**WHAT NEEDS TO BE DONE**
Without any pictures, copy the records below once more, exactly as they are.
++++++
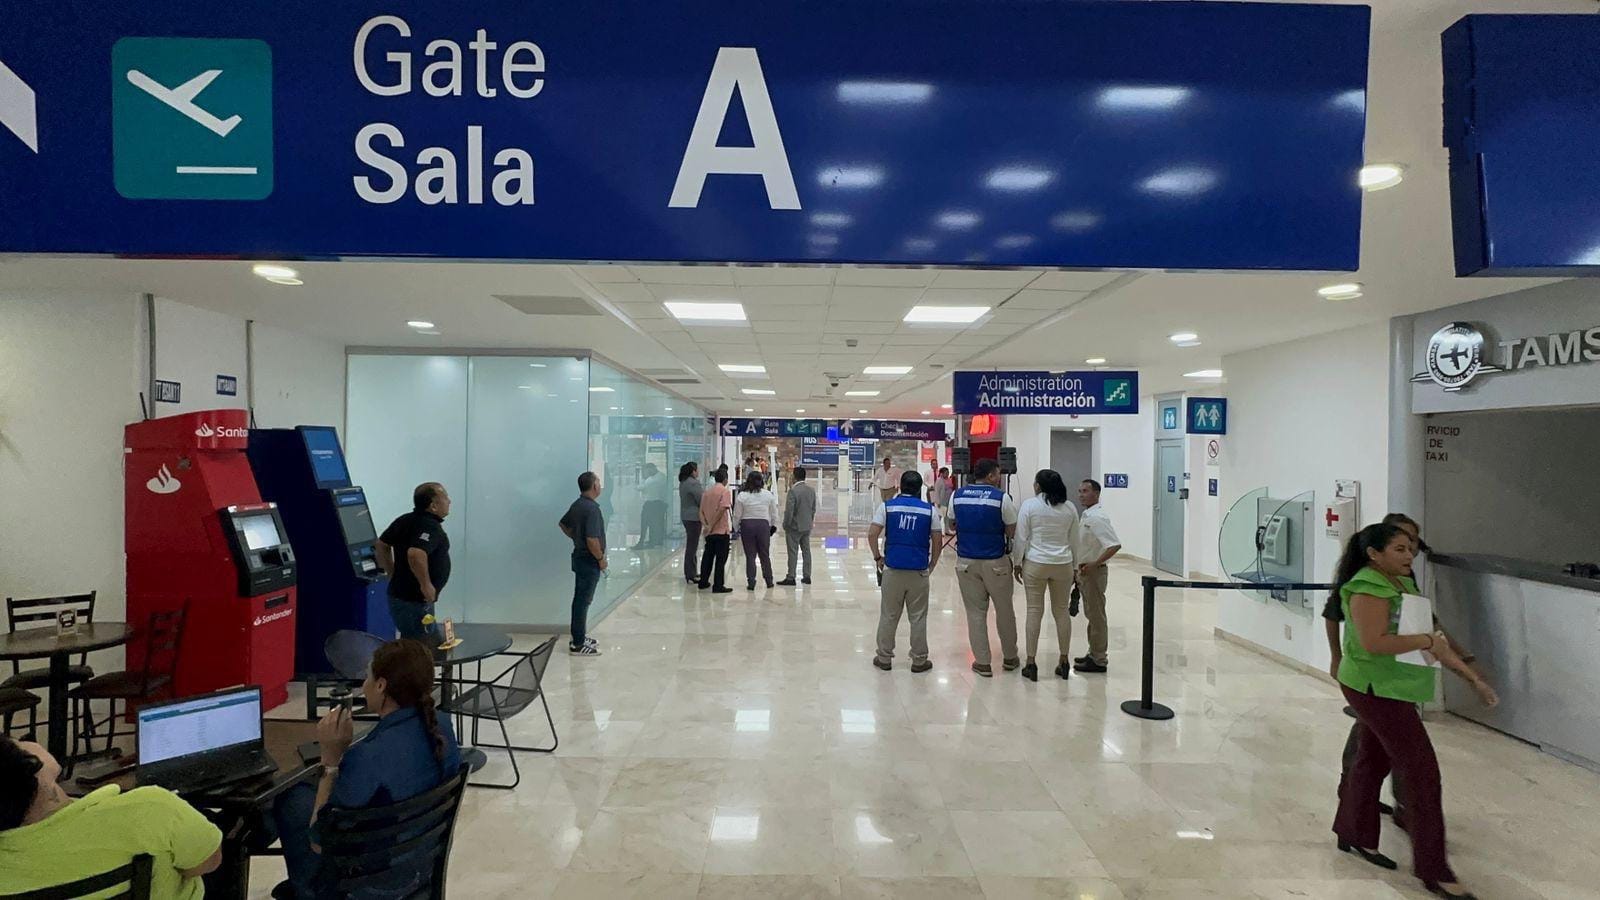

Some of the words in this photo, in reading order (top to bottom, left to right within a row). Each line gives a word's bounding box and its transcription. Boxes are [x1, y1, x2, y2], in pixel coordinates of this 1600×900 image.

[353, 15, 546, 99] Gate
[668, 47, 802, 210] A
[353, 122, 535, 205] Sala
[1499, 327, 1600, 370] TAMS
[979, 374, 1082, 392] Administration
[979, 392, 1096, 408] Administración
[745, 421, 757, 434] A
[880, 430, 929, 438] Documentación
[1429, 438, 1443, 448] DE
[1425, 451, 1448, 462] TAXI
[898, 514, 917, 531] MTT
[262, 608, 293, 624] Santander
++++++
**WRITTEN SOLUTION**
Some of the words in this photo, in reading order (top to bottom, left to right within a row). Each line gives a word's bounding box and its transcription. Boxes are [x1, y1, x2, y2], in pixel coordinates of this 1600×900 image.

[353, 15, 546, 99] Gate
[668, 47, 802, 210] A
[353, 122, 535, 205] Sala
[1499, 327, 1600, 370] TAMS
[979, 374, 1082, 392] Administration
[979, 392, 1096, 408] Administración
[745, 421, 757, 434] A
[880, 430, 929, 438] Documentación
[1429, 438, 1443, 448] DE
[1425, 451, 1448, 462] TAXI
[898, 514, 917, 531] MTT
[262, 608, 293, 624] Santander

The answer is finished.